Thursday, October 25, 2007

A couple tricks to speed up WWJ

There are many applications where you only need the globe without elevation details - think satellite tracking or global imagery viewing, and others where you are ready to give up a bit of relief geometry details for a faster interaction.

If that is the case, there are two ways you can help yourself.

Using a full sphere SurfaceImage

One feature that has been incorporated a few month ago allows you to use a single image and paint it over the globe inside a sector or over the full sphere.

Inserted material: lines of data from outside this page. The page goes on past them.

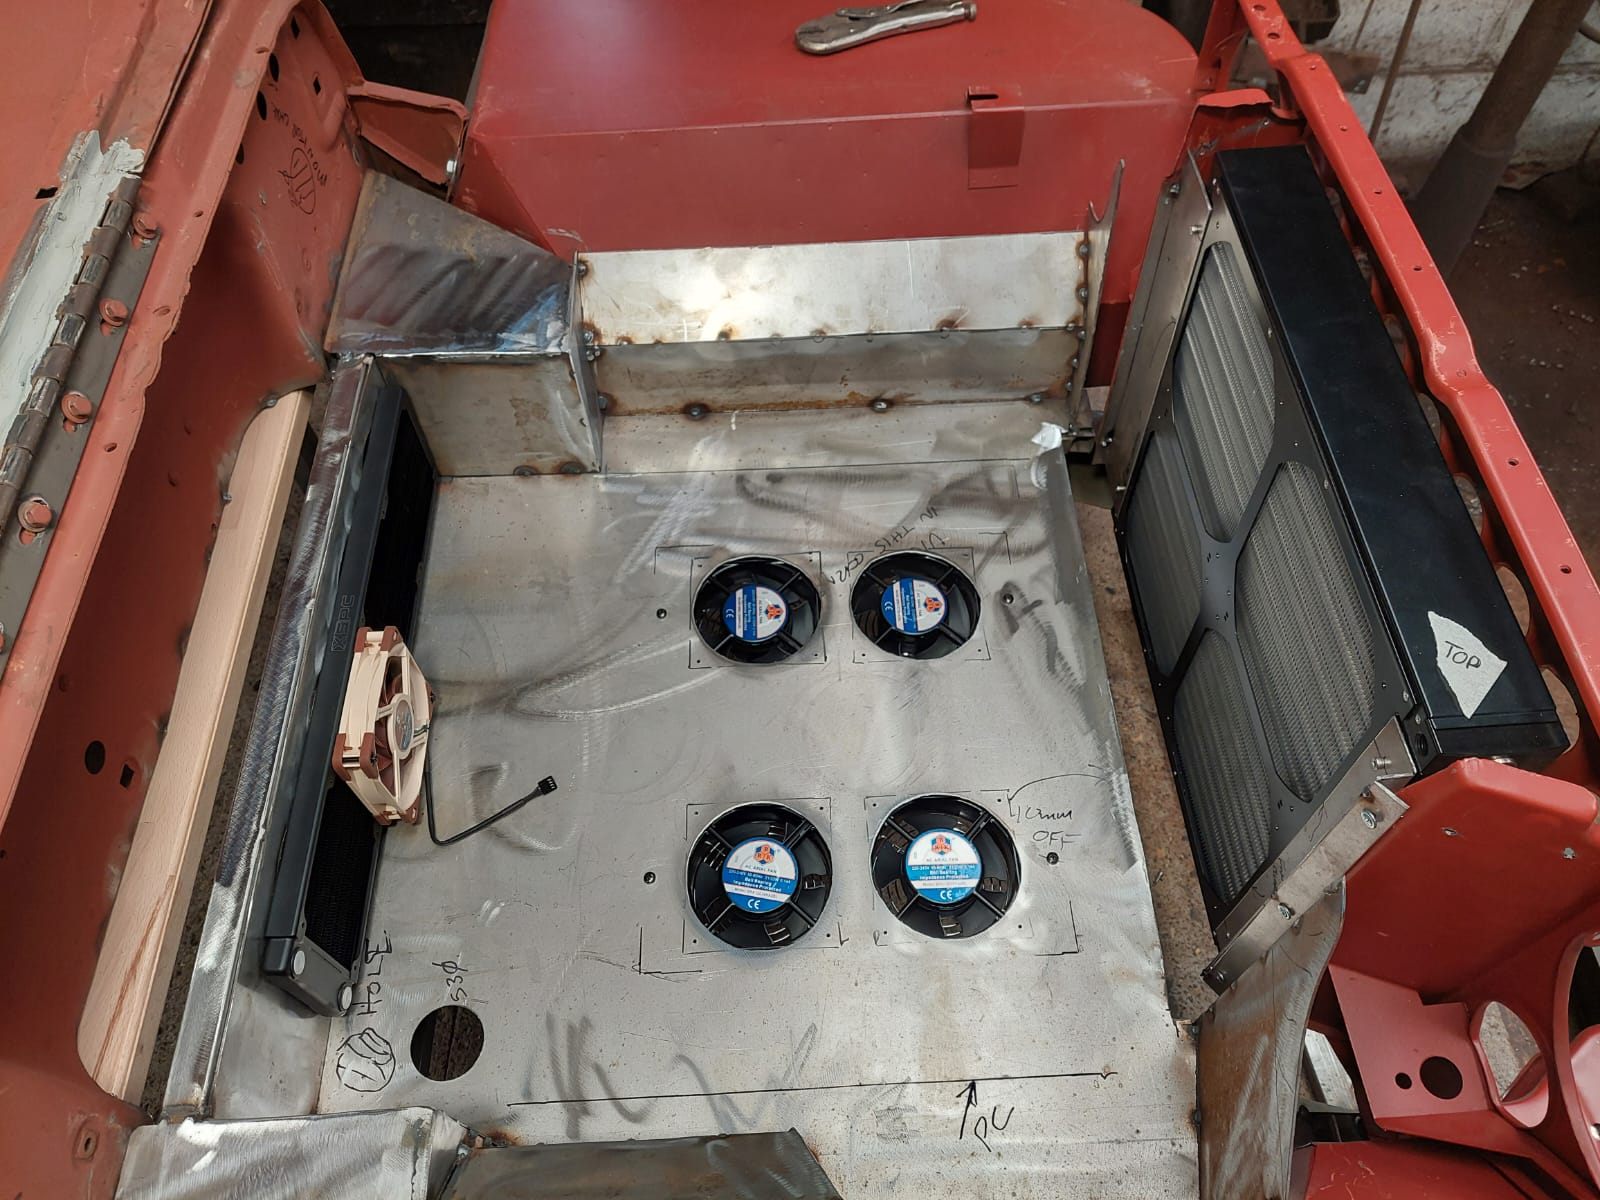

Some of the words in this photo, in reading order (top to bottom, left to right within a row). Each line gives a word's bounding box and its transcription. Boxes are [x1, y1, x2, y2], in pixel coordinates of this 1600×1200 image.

[874, 525, 915, 554] THIS
[725, 608, 735, 618] CE
[884, 601, 894, 611] CE
[1444, 640, 1482, 669] TOP
[1032, 830, 1082, 850] OFF
[940, 890, 953, 900] CE
[747, 898, 761, 909] CE
[351, 929, 393, 1015] HOLE

This allows you to trade the BMNG tiled image layer for a single image BMNG layer - that is also included in the worldwind.jar, which results in a faster startup time and 'lighter' globe to interact with.
// From examples.applet.WWJApplet
// Add a BMNG base layer to the model layer
// list, before the Blue Marble
        new BMNGOneImage(), "Blue Marble");

Of course, if you zoom onto that layer, you will not get better details as with the tiled version... unless you also have it on top. The wwj applet example uses that one-image layer.

Hacking the tesselator

If you have a look at the actual default configuration EllipsoidRectangularTessellator in globe, you will notice right at the start a static constant named DEFAULT_DENSITY with the value 24. This class is responsible for building the terrain geometry using regular lat/lon aligned (rectangular) tiles each segmented like a check board in rows and columns. With the default density, there are 24 rows and columns per tiles.
// From EllipsoidRectangularTessellator
private static final int DEFAULT_DENSITY = 3; // 24;

The density determines how fine - and accurate, the terrain relief will look. However, you would be surprised to see that with a density value as low as 3 the terrain still displays very decent mountains and relief... and WWJ gets much more responsive.

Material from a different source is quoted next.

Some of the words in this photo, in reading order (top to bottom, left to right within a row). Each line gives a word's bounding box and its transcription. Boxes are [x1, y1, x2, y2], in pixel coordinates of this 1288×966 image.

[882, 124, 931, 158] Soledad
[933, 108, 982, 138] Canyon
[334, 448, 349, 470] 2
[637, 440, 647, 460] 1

Update march 22, 2008: After further scrutiny, it appears i was wrong about what i though the density value would control. When decreasing this value, it does indeed reduce the number of rows and columns per tile, but then the tiles are smaller - and there are more of them, which results in many more 'skirts' or tile sides to render, and doesn't change the geometry level of detail...

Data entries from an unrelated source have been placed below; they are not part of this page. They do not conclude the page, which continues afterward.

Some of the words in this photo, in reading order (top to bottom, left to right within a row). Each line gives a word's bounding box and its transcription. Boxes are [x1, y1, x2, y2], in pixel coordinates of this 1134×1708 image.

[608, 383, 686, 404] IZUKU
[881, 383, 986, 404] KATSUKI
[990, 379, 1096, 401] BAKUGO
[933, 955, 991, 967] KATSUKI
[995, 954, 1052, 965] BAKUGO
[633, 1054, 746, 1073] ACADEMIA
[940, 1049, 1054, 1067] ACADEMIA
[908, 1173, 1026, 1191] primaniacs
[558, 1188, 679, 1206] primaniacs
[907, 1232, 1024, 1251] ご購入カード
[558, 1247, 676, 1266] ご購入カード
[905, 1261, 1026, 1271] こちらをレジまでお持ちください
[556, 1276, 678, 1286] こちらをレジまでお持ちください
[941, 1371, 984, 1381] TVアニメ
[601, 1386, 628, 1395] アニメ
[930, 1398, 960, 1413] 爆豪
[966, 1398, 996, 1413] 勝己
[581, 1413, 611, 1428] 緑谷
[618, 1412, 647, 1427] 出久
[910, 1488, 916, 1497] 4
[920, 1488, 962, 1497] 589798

What does matter is another value named DEFAULT_LOG10_RESOLUTION_TARGET and located in the upper portion (but not the beginning) of the globe.RectangularTesselator.

// From
private static final double 

This one will indeed control the mesh 'density' - see screenshot below.

Log10 resolution: 1.0 (left), default 1.3 (center) and 2.0 (right)

There is no public interface yet to access and change the tessellator density (or log10 resolution) setting(s) - i'll push for one to be implemented at some point. So all you can do for now is either edit the SDK source or clone the tessellator in your own package, change the setting and refer to it in the WWJ config file


francois b said...

énorme ce logiciel. on peut le télécharger stp?

Patrick Murris said...
This comment has been removed by the author.
Patrick Murris said...

NASA WorldWind Java SDK.

francois said...

j'arrive pas à télécharger correctement. il faut payer ou bien?

Patrick Murris said...

Sorry bad html like. Here it is : NASA WorldWind Java SDK

francois said...

j"ai bon pour l'installation mais je pensais pouvoir me balader dans des reliefs. je dois louper quelque chose .

Patrick Murris said...

The WWJ SDK is not an application you can download, install and run right away. It is a toolkit for developers who want to add geospatial 3d capabilities to their application.

If you are only interested in trying it, you can lauch a WWJ online demo using Java Web Start. Although the demo only show the basic features and wont give you access to WMS layers, stereo anaglyphs or the terrain profile tool.

Note that you must have at least java 1.5_07 installed and up to date video drivers to run WWJ.

francois said...

dommage, çà pourrait être un plus par rapport à google earth.

Patrick Murris said...

WorlWind Java peut fonctionner sur toutes plateformes supportant Java (Mac, Linux, Windows et possiblement de futurs mobiles), peut être inclus dans une page web sous forme d'applet et enfin peut être lancer directement sans installation avec Java Web Start.

D'autre part cette technologie est gratuite pour qui veut l'utiliser dans son application et les développeurs peuvent accéder aux sources et les modifier.